▶ [Exercise inputs]:
□ □ □ □ □

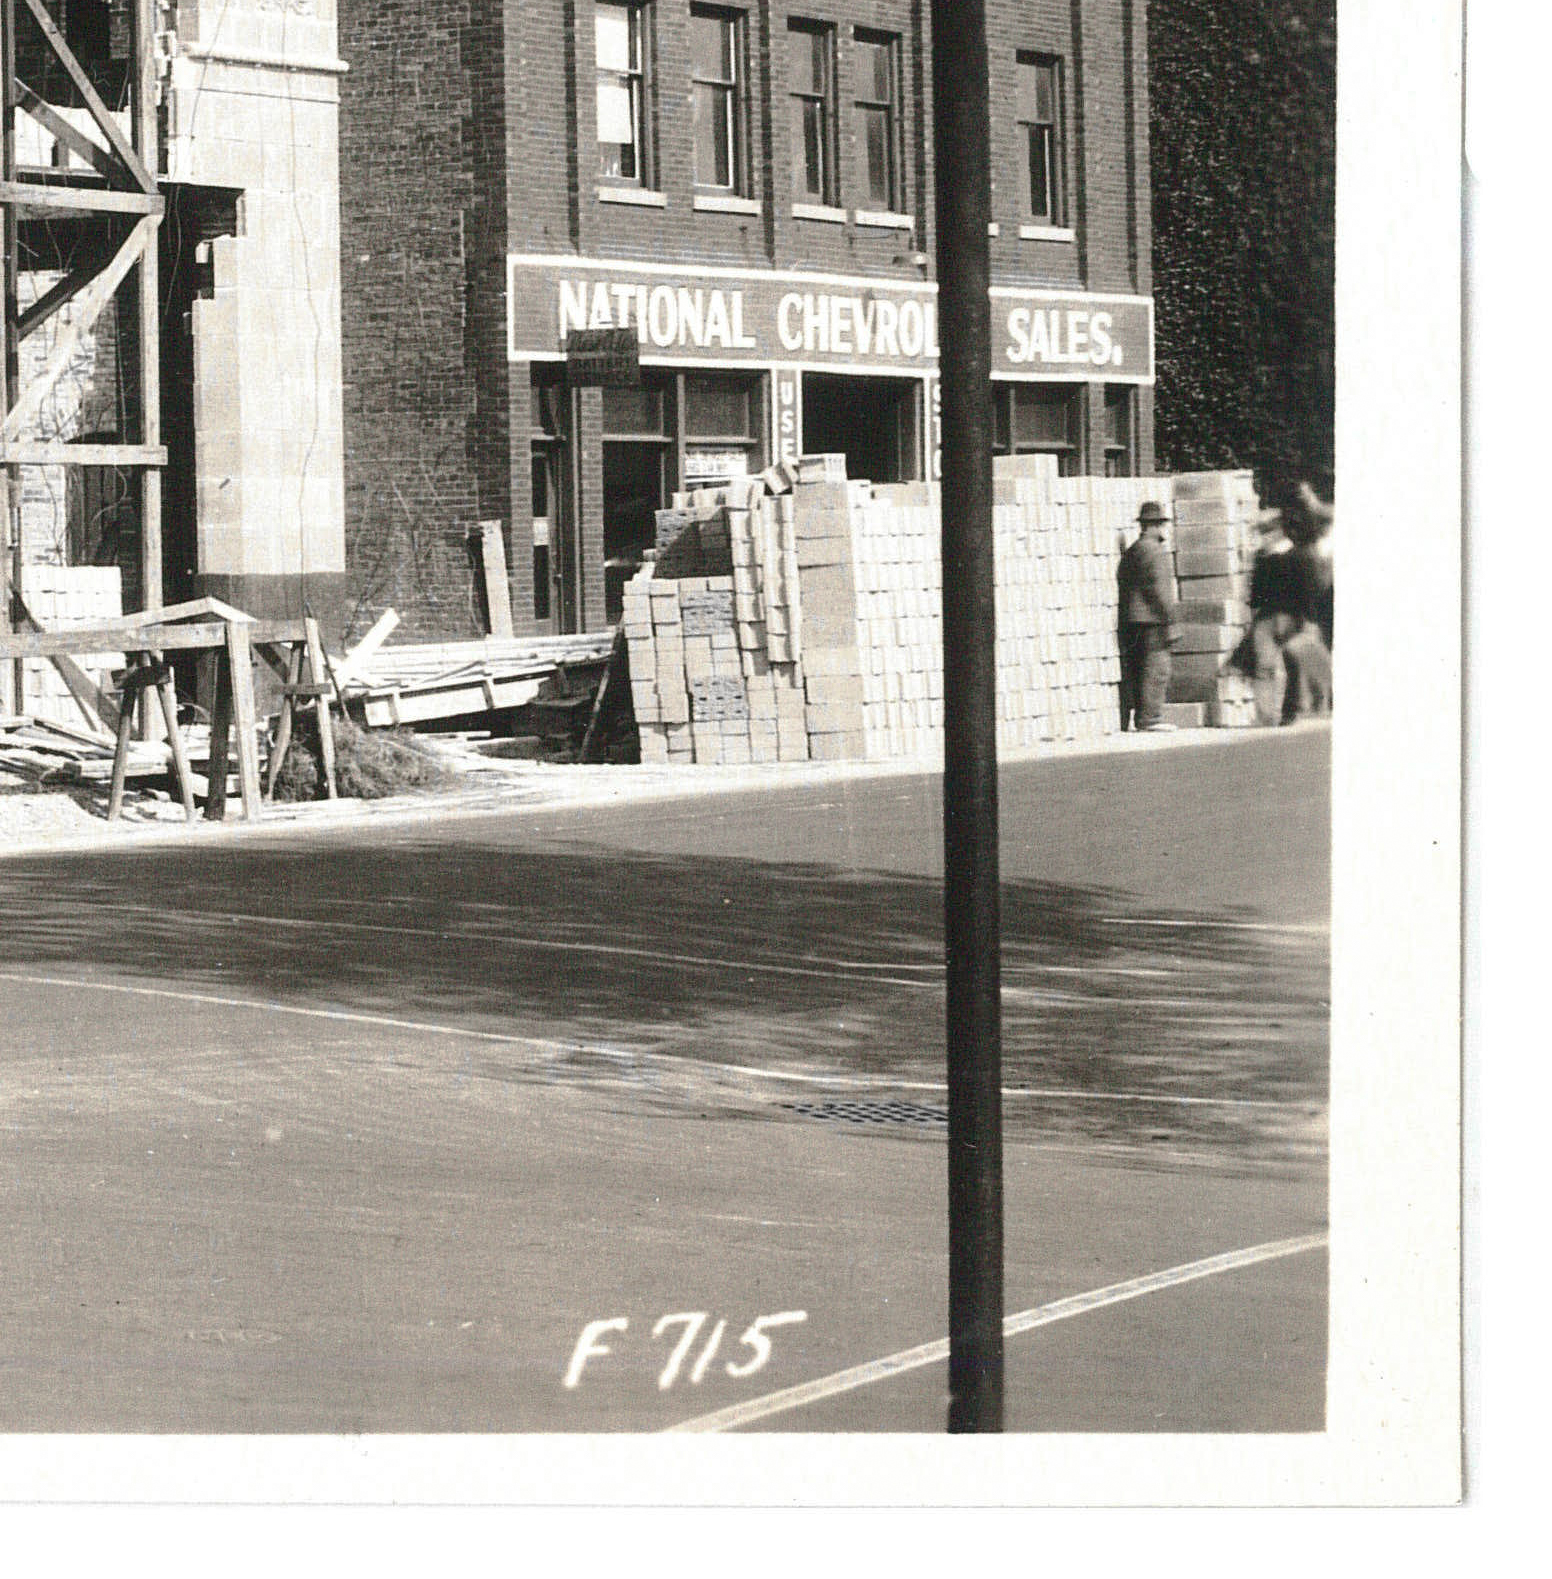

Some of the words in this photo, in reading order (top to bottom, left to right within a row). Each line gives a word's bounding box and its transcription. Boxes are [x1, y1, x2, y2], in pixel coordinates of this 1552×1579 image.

[559, 280, 757, 348] NATIONAL
[777, 293, 942, 358] CHEVROL
[1007, 307, 1123, 367] SALES.
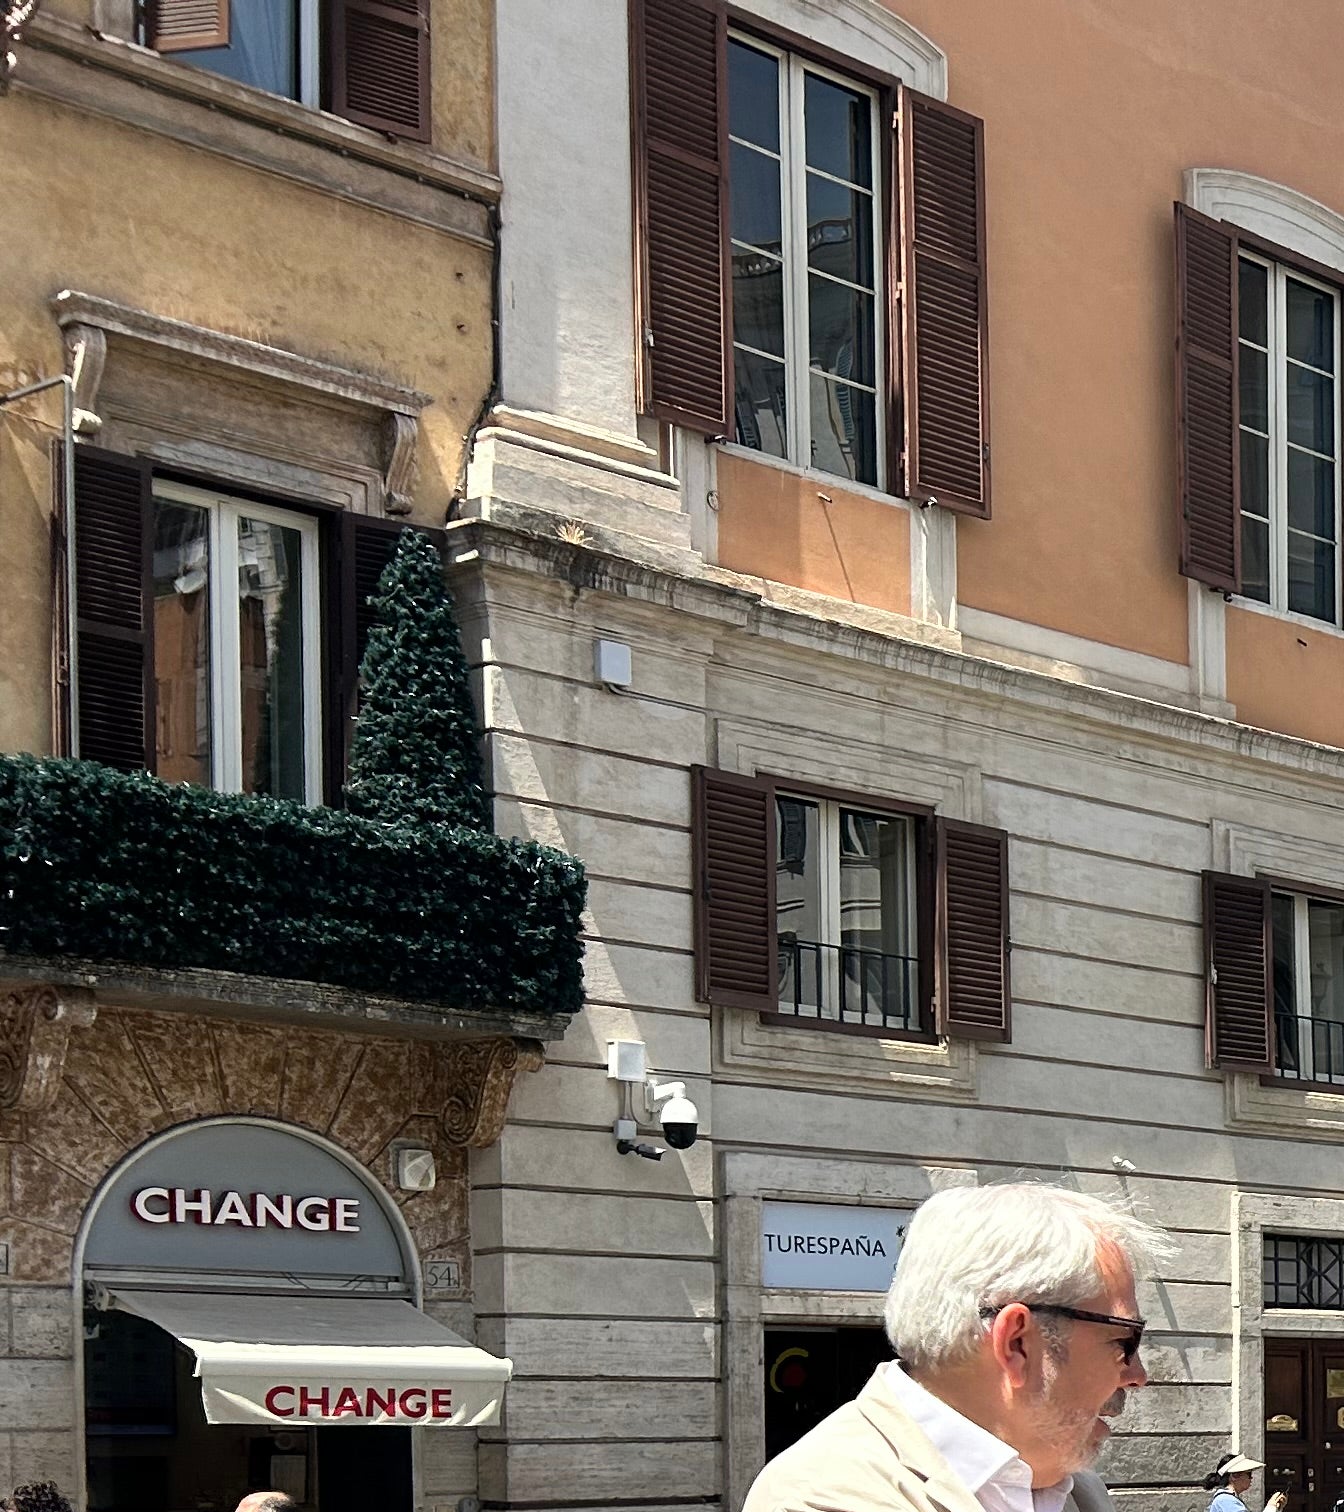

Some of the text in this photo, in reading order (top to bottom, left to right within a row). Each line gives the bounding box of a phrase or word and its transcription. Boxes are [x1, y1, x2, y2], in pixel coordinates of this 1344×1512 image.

[132, 1186, 360, 1233] CHANGE
[764, 1233, 887, 1257] TURESPAÑA
[265, 1385, 453, 1418] CHANGE
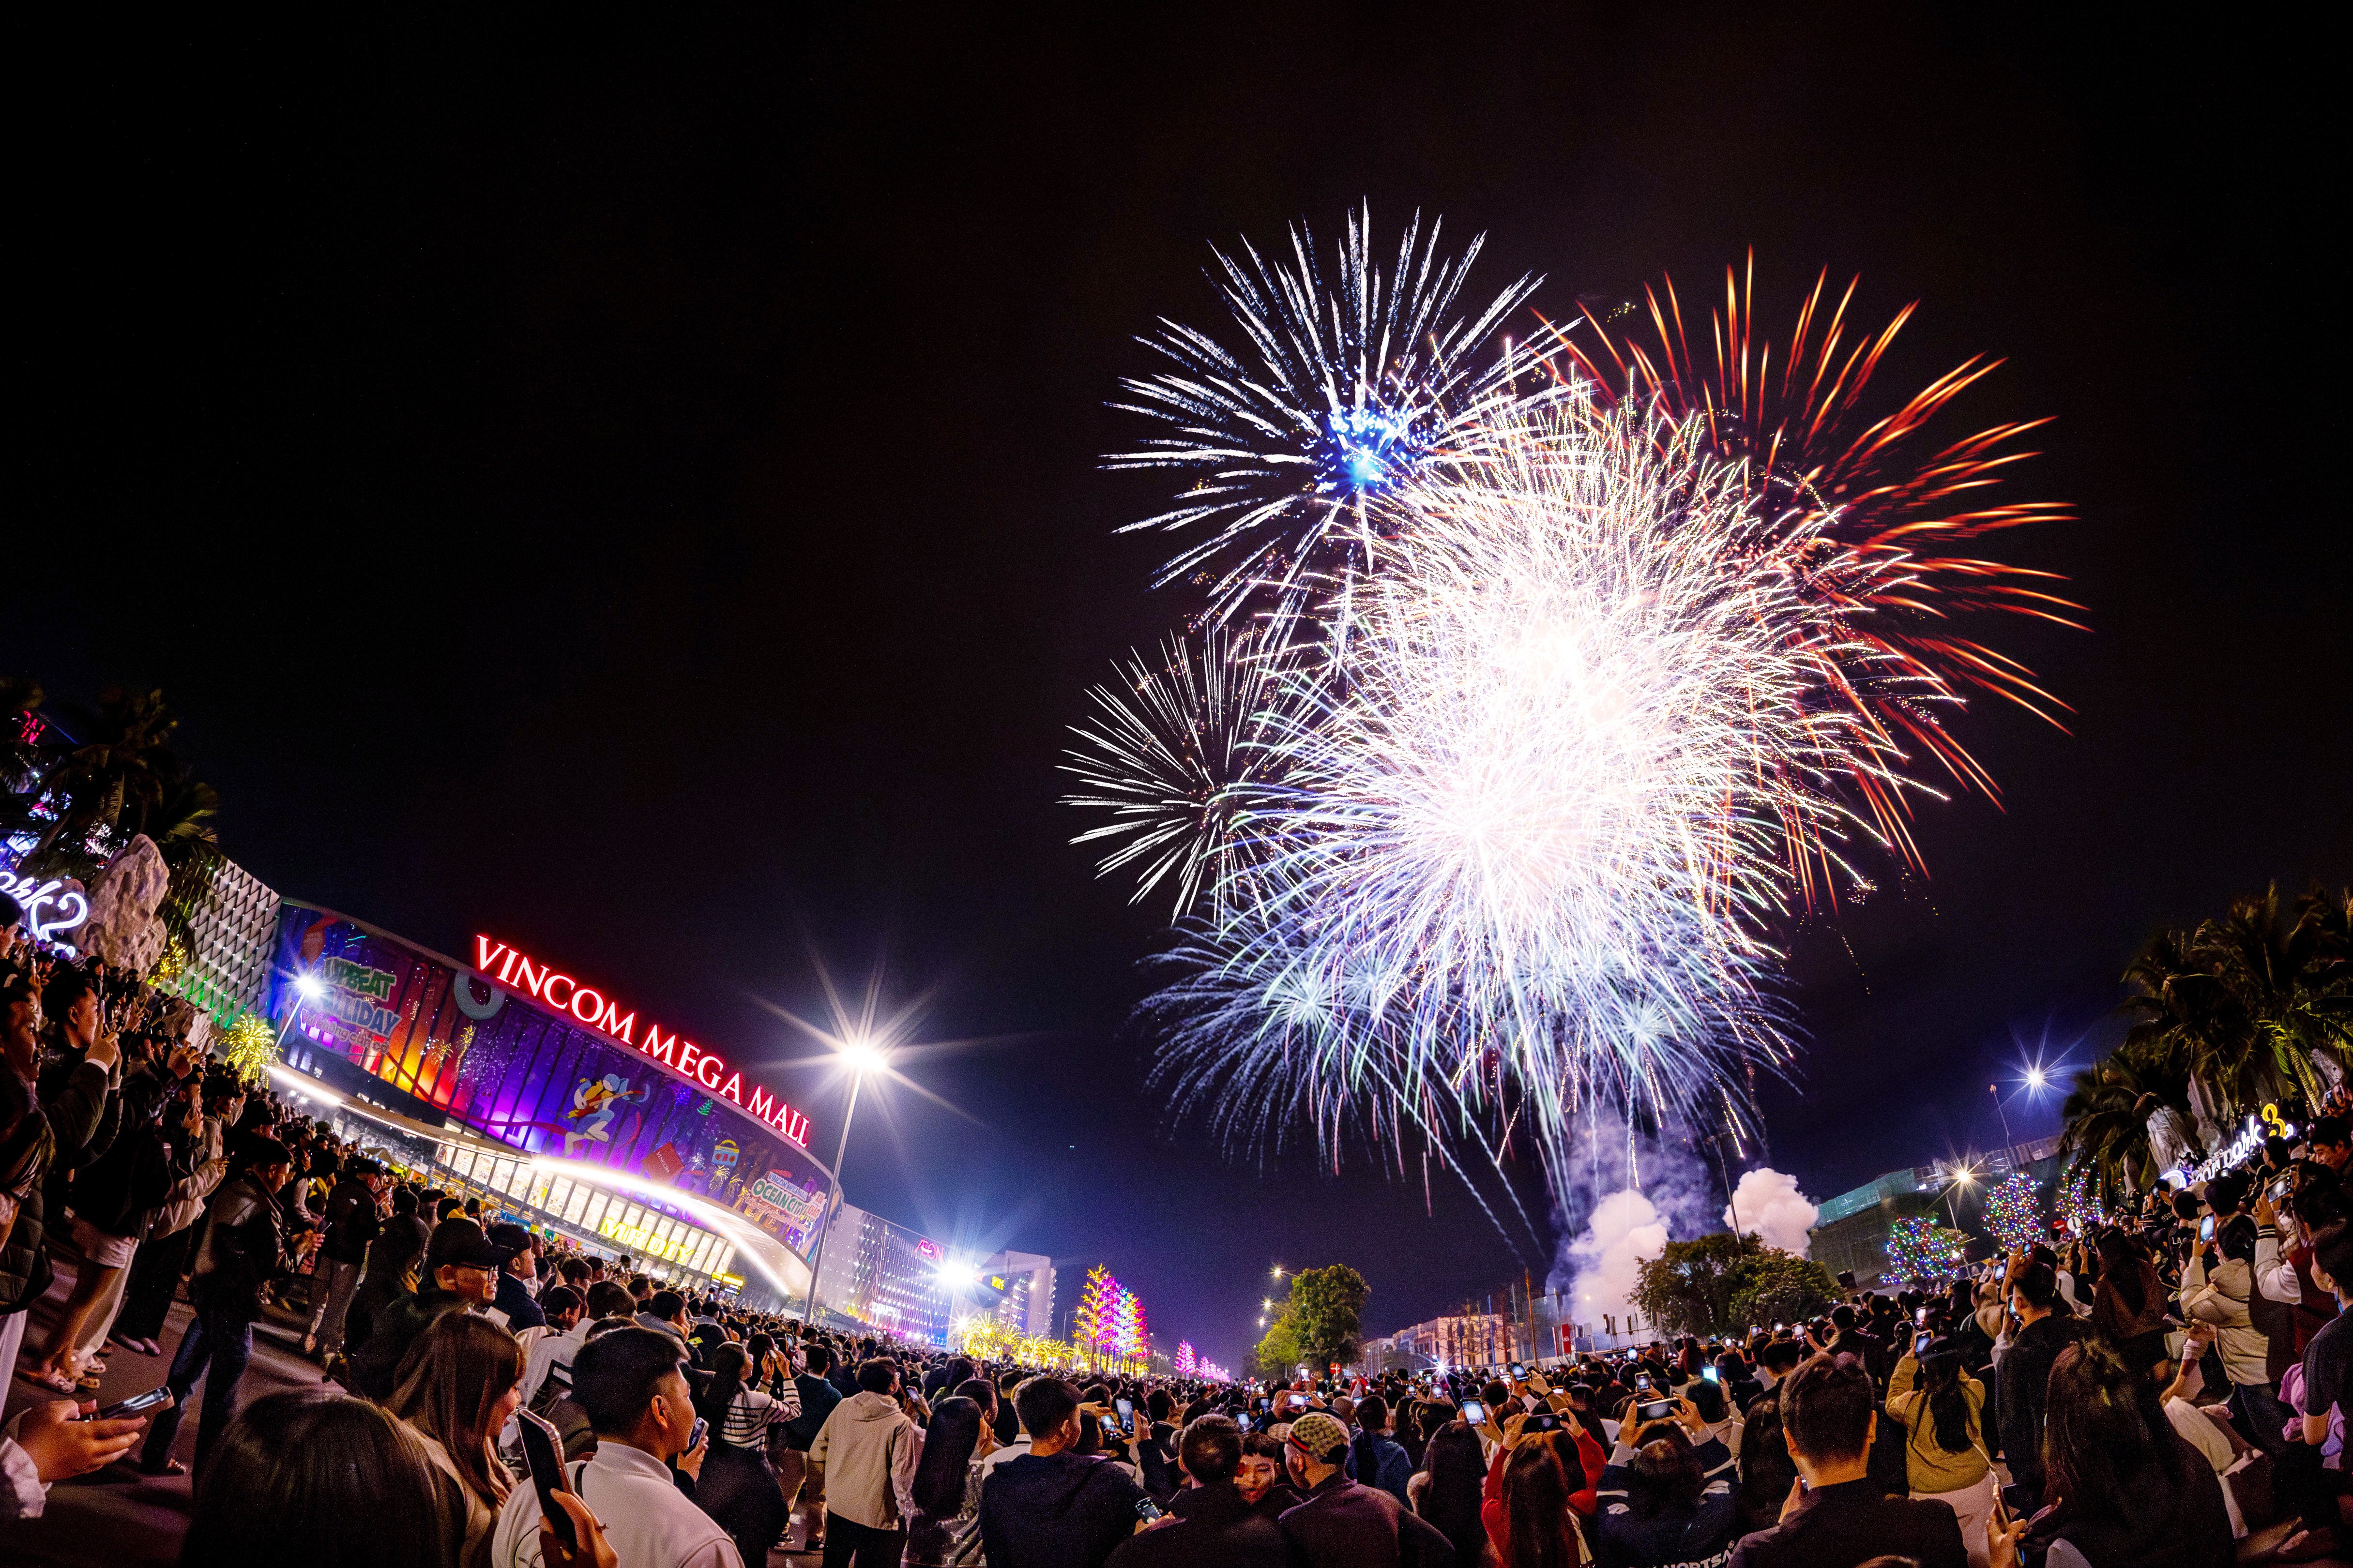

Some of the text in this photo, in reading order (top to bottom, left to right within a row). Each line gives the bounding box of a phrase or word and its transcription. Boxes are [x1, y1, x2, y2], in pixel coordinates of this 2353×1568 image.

[476, 935, 810, 1148] VINCOM MEGA MALL
[753, 1180, 790, 1208] OCEAN
[786, 1198, 807, 1216] CITY
[2172, 1236, 2183, 1247] LA

□ □ □ □ □

Set down exactly, and only, the lines from the one with "this 2353×1568 image." to the final line of the data.

▶ [Your solution]:
Some of the text in this photo, in reading order (top to bottom, left to right within a row). Each line gives the bounding box of a phrase or word and its transcription. Boxes are [x1, y1, x2, y2], in pixel coordinates of this 2353×1568 image.

[476, 935, 810, 1148] VINCOM MEGA MALL
[753, 1180, 790, 1208] OCEAN
[786, 1198, 807, 1216] CITY
[2172, 1236, 2183, 1247] LA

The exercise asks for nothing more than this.